YOUR GOAL — Could you give the entries back exactly as they stand, minus any pictures?

MATERIAL FOR THIS TASK —
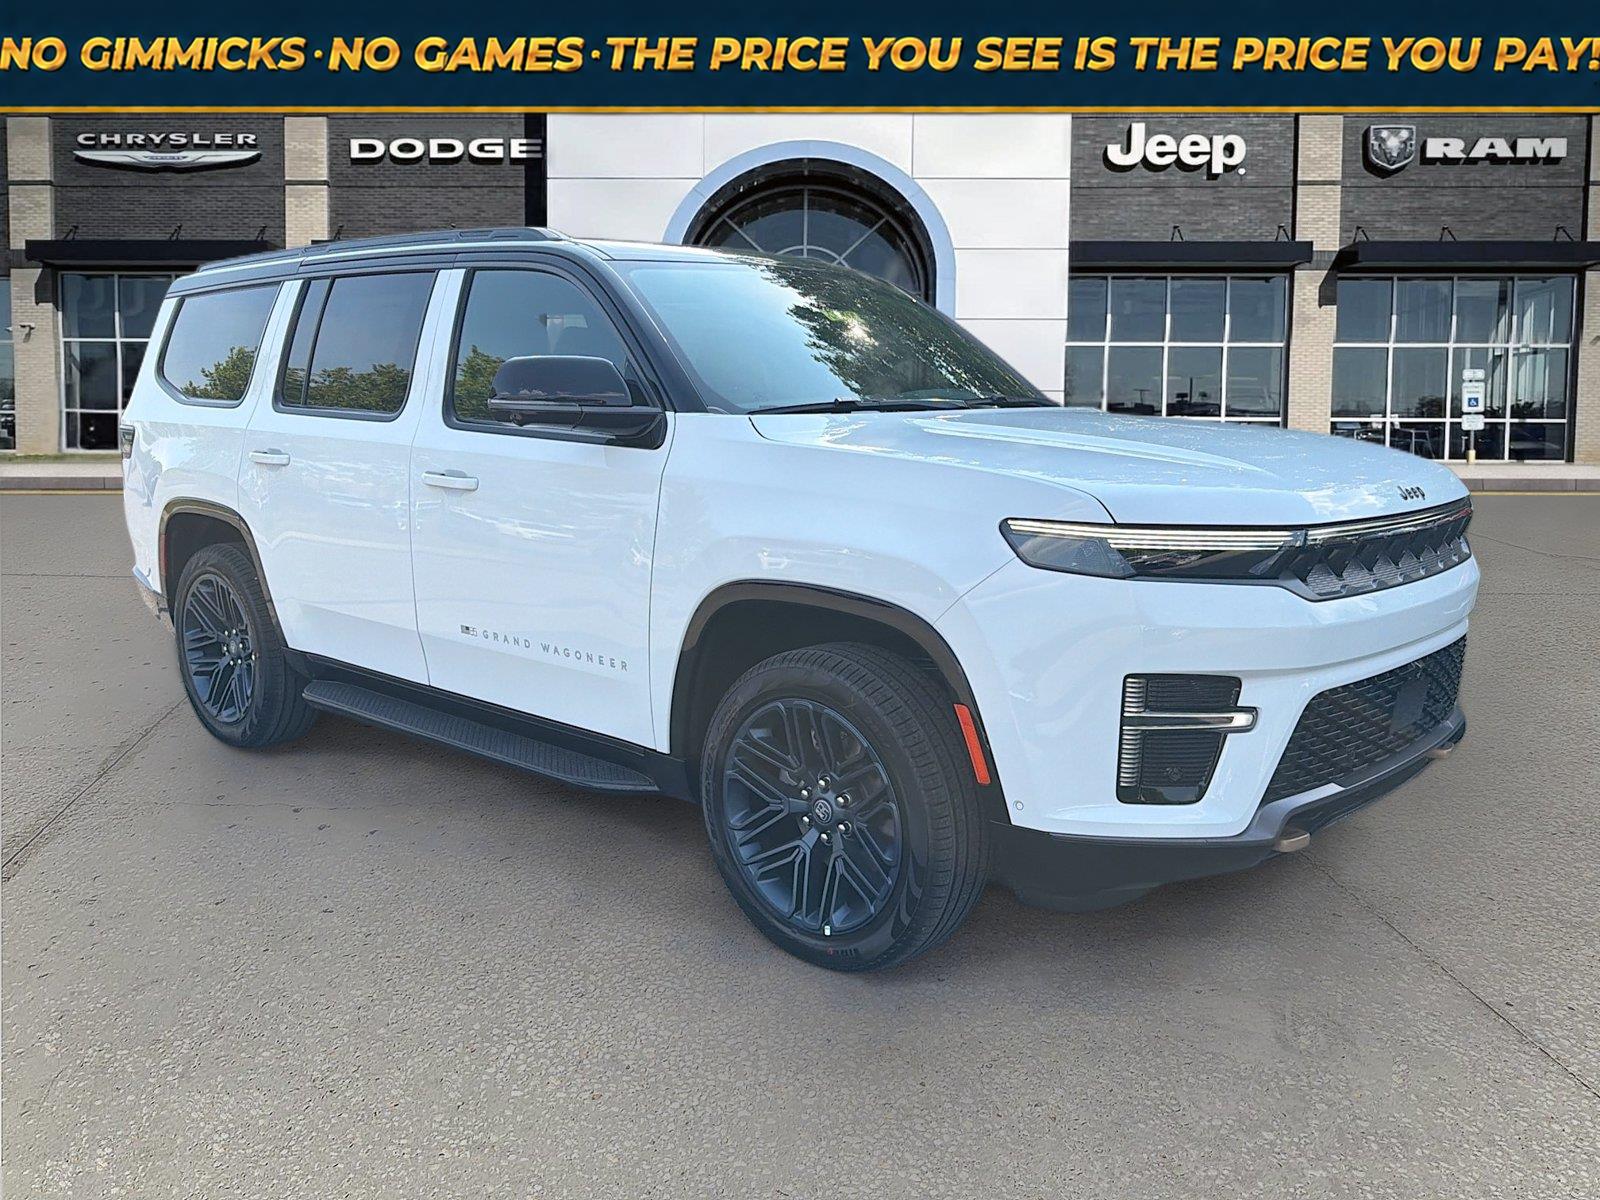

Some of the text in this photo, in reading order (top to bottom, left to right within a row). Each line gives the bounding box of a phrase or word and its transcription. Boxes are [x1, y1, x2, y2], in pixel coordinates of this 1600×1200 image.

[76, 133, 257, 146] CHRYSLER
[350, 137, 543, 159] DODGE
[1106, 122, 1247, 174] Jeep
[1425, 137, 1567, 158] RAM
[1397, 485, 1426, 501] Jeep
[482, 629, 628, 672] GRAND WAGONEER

SOLUTION FOR THIS EXERCISE —
Some of the text in this photo, in reading order (top to bottom, left to right within a row). Each line gives the bounding box of a phrase or word and its transcription. Boxes are [x1, y1, x2, y2], in pixel coordinates of this 1600×1200 image.

[76, 133, 257, 146] CHRYSLER
[350, 137, 543, 159] DODGE
[1106, 122, 1247, 174] Jeep
[1425, 137, 1567, 158] RAM
[1397, 485, 1426, 501] Jeep
[482, 629, 628, 672] GRAND WAGONEER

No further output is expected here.